1710年、モルダヴィア公に任命されイスタンブルを離れるが、翌1711年に始まったロシアとオスマン帝国の戦争においてオスマン帝国を裏切り、ロシアの
ピョートル1世に降伏した。しかし、この戦争はピョートルの大敗に終わり(
プルート川の戦い)、モルダヴィアを含めた占領地はオスマン帝国に奪還されてしまったため、カンテミールはロシアに亡命生活を余儀なくされた。カンテミールはロシア貴族の待遇を受けて余生を送り、1723年に
ハリコフで亡くなった。
東洋の歴史と文化に対する造詣も深く、カンテミールの著作の中でももっとも有名なものはラテン語で著され、西欧に紹介された最初の体系的なオスマン帝国にかんする歴史書となった『オスマン帝国の勃興と衰退』である。
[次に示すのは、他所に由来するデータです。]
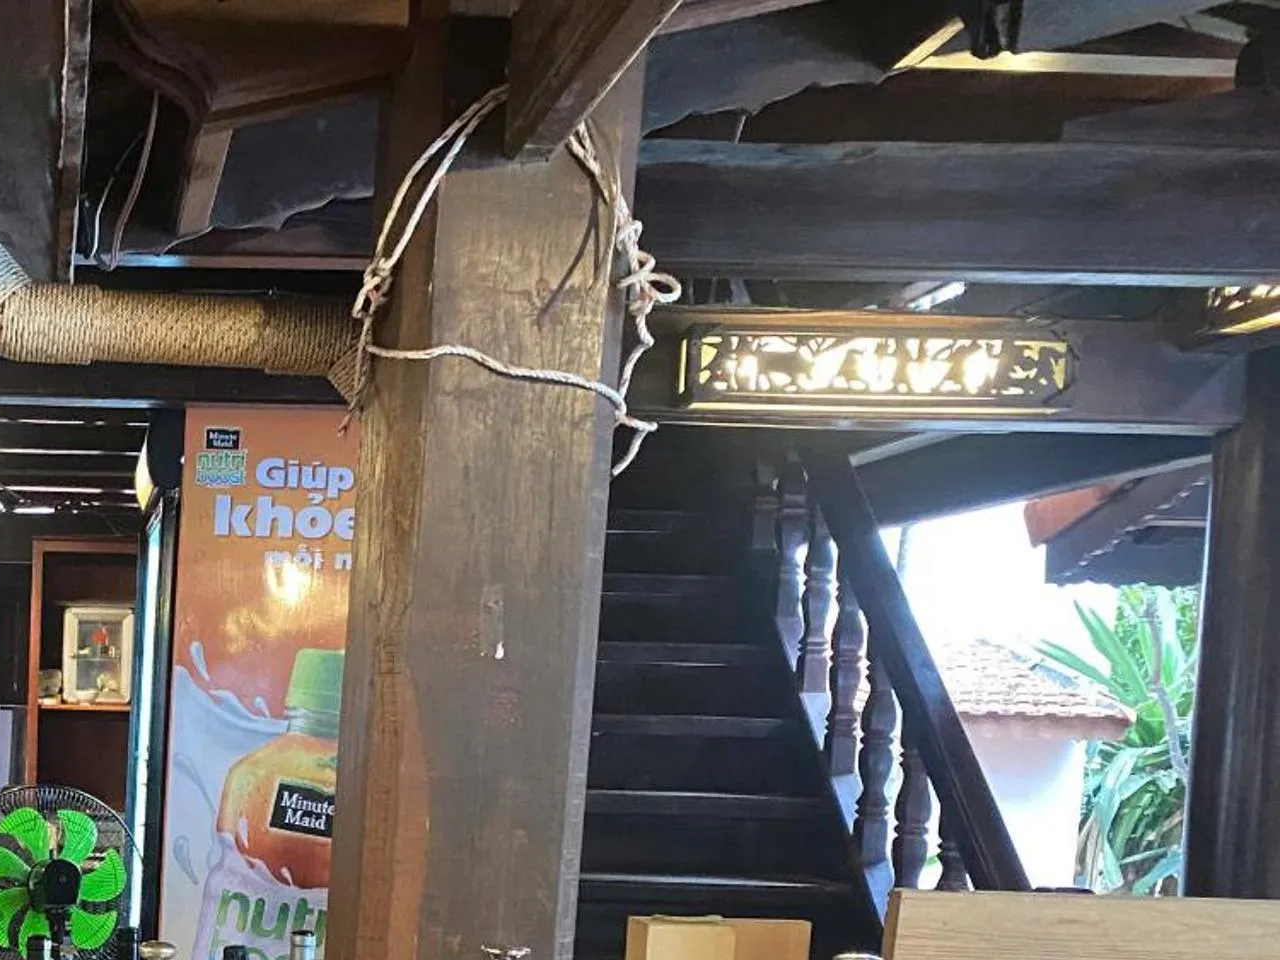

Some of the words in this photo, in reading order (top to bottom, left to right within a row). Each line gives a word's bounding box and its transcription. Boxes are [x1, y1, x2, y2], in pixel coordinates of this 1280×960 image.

[255, 457, 355, 499] Giúp
[280, 790, 336, 816] Minute
[284, 808, 327, 831] Maid
同書は
1734年に英語、
1743年にフランス語に訳され、西欧に広く紹介された。
オスマン古典音楽の作曲者としても知られ、
アラビア文字を利用した独特の文字楽譜によって350余りの曲を採譜した『文字による音楽の知識の書』をトルコ語(
オスマン語)で著してスルタンに献呈した。彼の考案した文字譜は画期的なものだったがトルコにおいて広まることはなかった。